Überfall auf 21-Jährige war Räuberpistole - Nasen beim Streit mit Freund gebrochen
Erstunken und erlogen

"Von hinten überfallen - Unbekannter würgt 21-Jährige und bricht ihr die Nase". So lautete der Titel über einer Polizeimeldung vom März im "Neuen Tag". Nun ergaben hartnäckige Ermittlungen eines Beamten der Polizeiinspektion ein ganz neues Bild des Geschehens, erklärt die Polizei: Die 21-Jährige hat gelogen. Alles trug sich anders zu, an diesem Sonntag, den 8. März.

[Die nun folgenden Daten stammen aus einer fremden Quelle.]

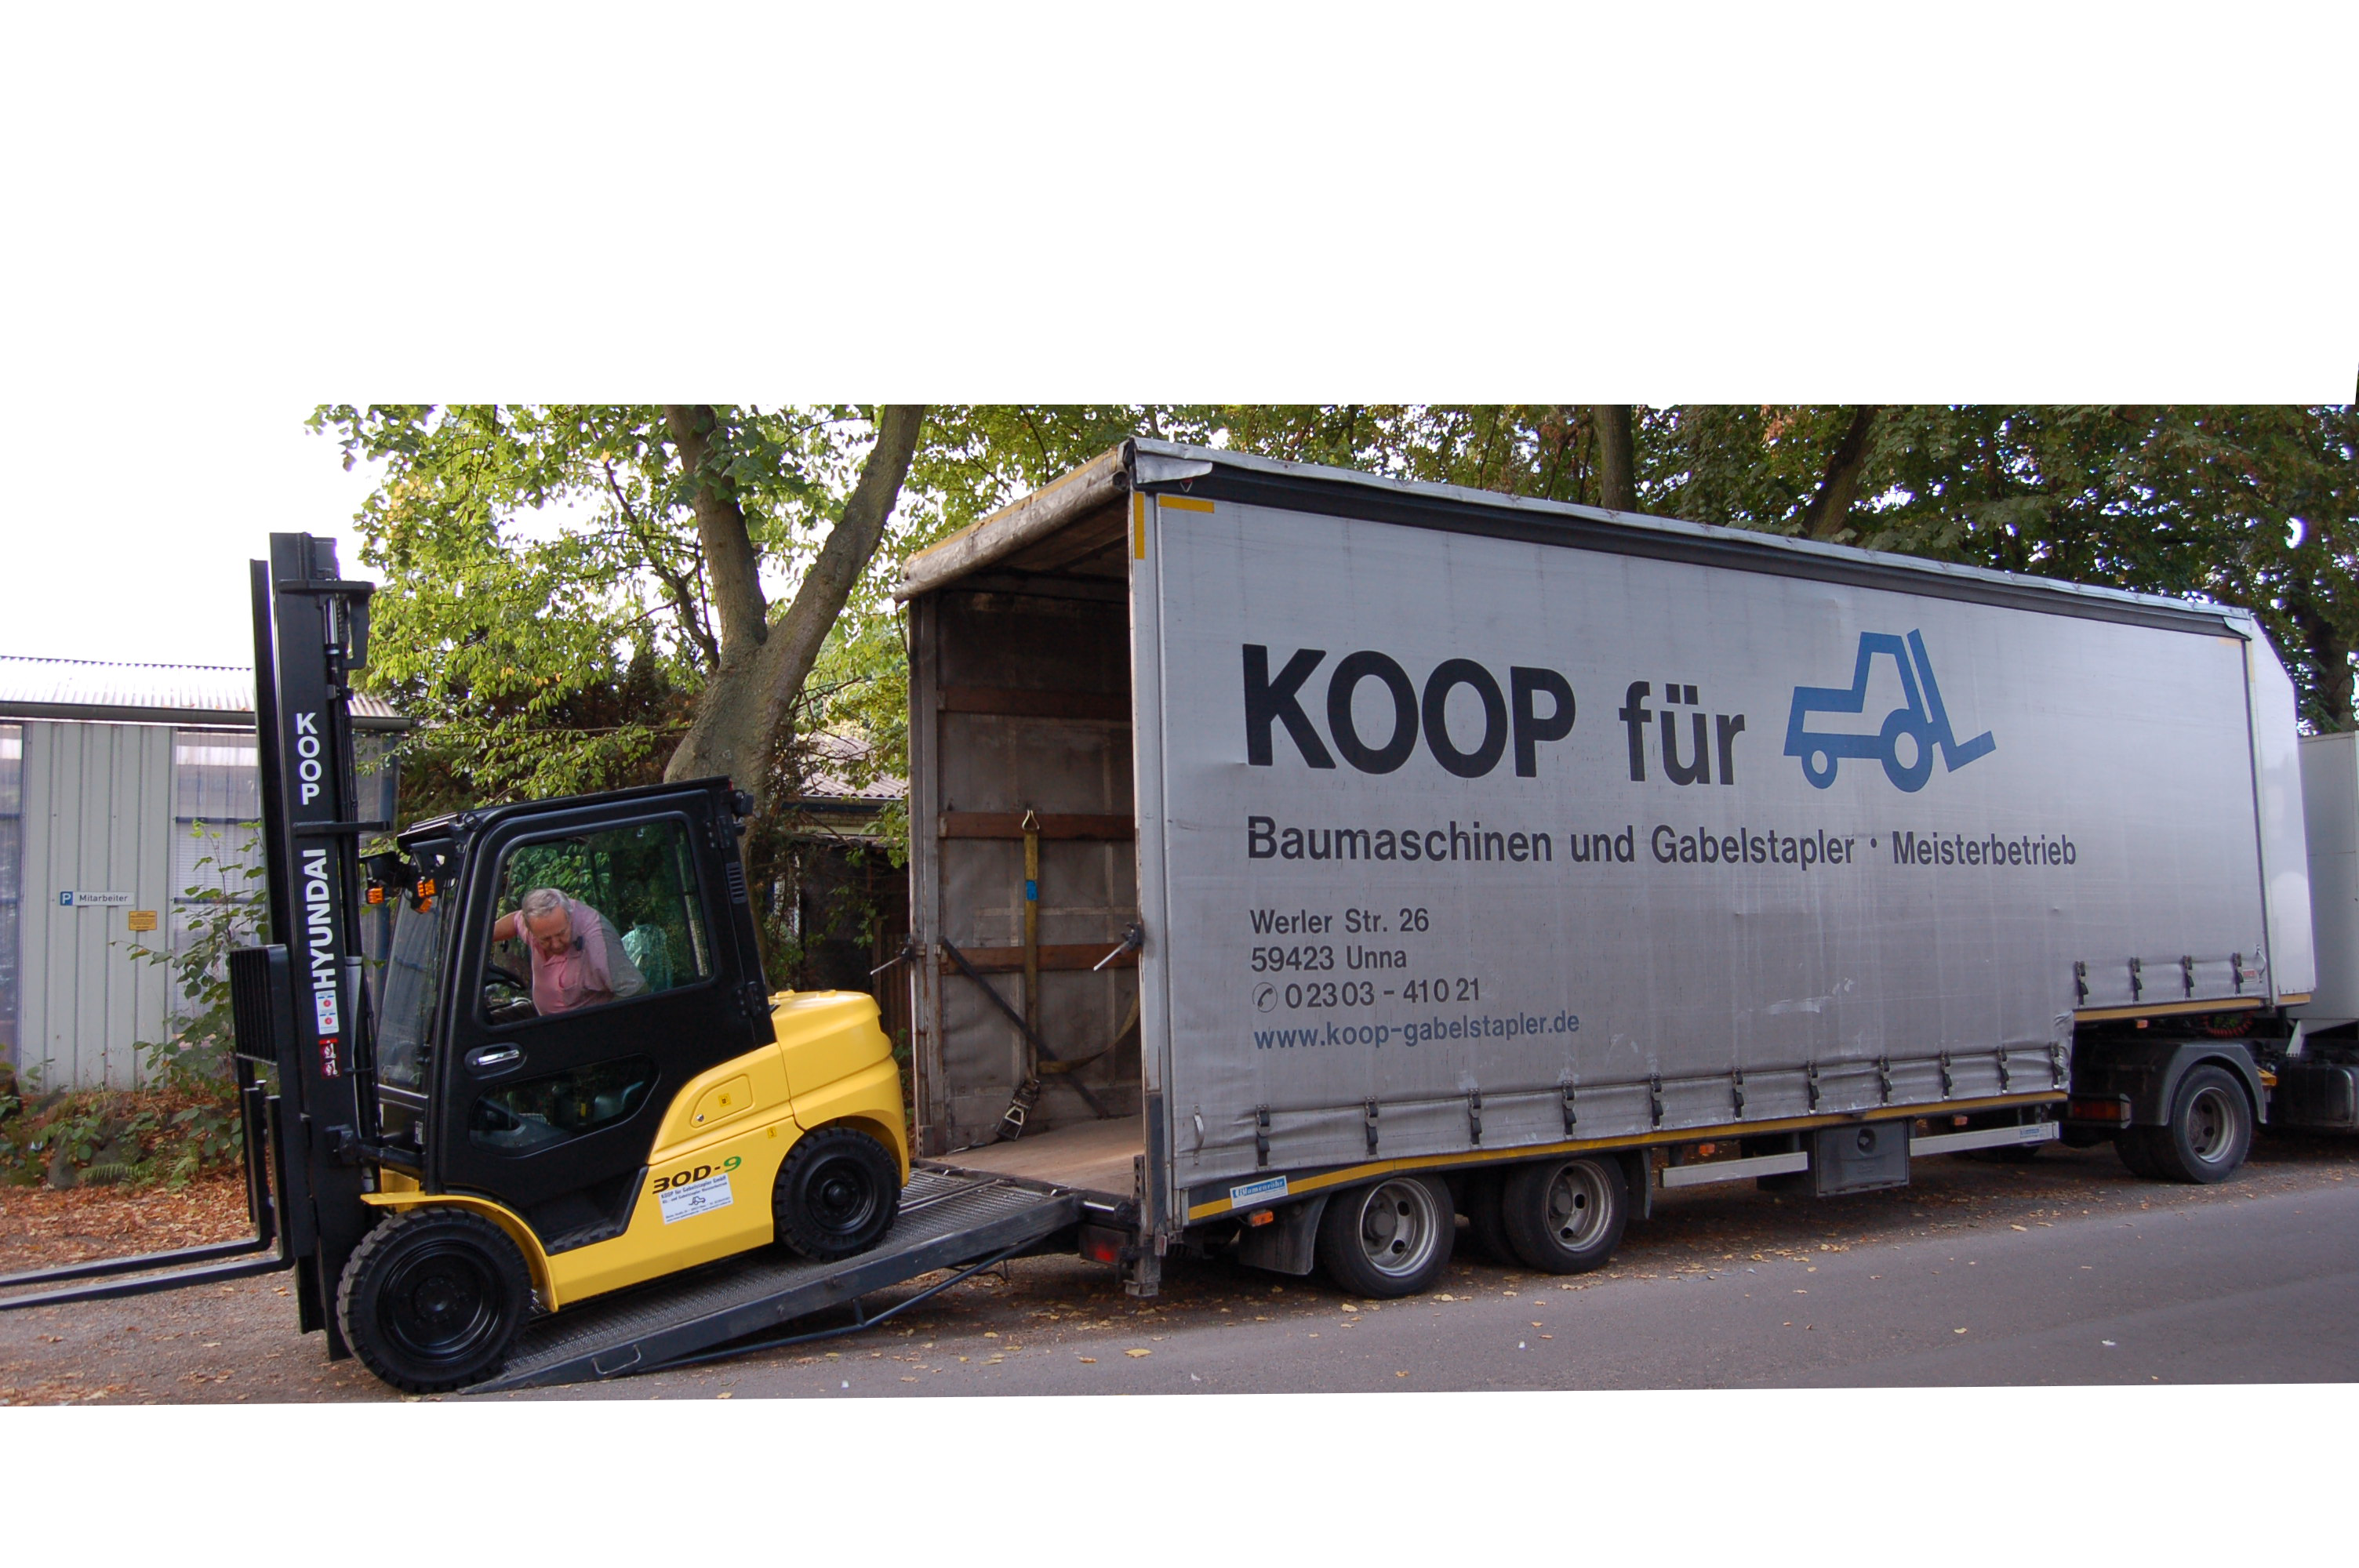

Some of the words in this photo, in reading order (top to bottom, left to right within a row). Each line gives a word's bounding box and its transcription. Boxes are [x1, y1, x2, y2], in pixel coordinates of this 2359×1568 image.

Rückblick: Damals traf gegen 4.30 Uhr eine Polizeistreife am Sparkassenplatz auf eine Frau, die stark blutete. Die 21-Jährige aus dem Stiftland sei gerade in der Bahnunterführung der Frauenrichter Straße überfallen worden, gab sie an. Ein Unbekannter habe sie von hinten angefallen, gewürgt und zusammengeschlagen. Dabei habe er ihr die Nase gebrochen, Schürfwunden und Prellungen zugefügt. Ein Sanka des Roten Kreuzes brachte die Frau schließlich ins Klinikum.

Schutz für Schläger-Freund

Einen Monat später steht fest: "Die Geschichte war einfach gelogen", ermittelte die Polizei. Einen Überfall hat es nie gegeben. Stattdessen hatte die 21-Jährige einen Streit mit ihrem damaligen Freund. Dabei schlug der 20-Jährige zu. Der Mann aus der Mitte des Landkreises Neustadt ist nun als Täter überführt. Doch warum hat ihn die 21-Jährige gelogen? Die Frau wollte ihren Freund vor strafrechtlichen Konsequenzen schützen, gab sie bei der Polizei an. Schwierigkeiten mit der Gesetzestreue hatten übrigens beide bereits. Weitere folgen.

So erwartet den 20-Jährigen ein Verfahren wegen vorsätzlicher und gefährlicher Körperverletzung. Hat er doch seine Freundin noch massiv getreten, als diese bereits am Boden gelegen hatte. Die 21-Jährige muss sich wegen des Vortäuschens einer Straftat, wegen Strafvereitelung und ebenfalls wegen vorsätzlicher Körperverletzung verantworten. Anscheinend wurde auch sie beim Streit handgreiflich.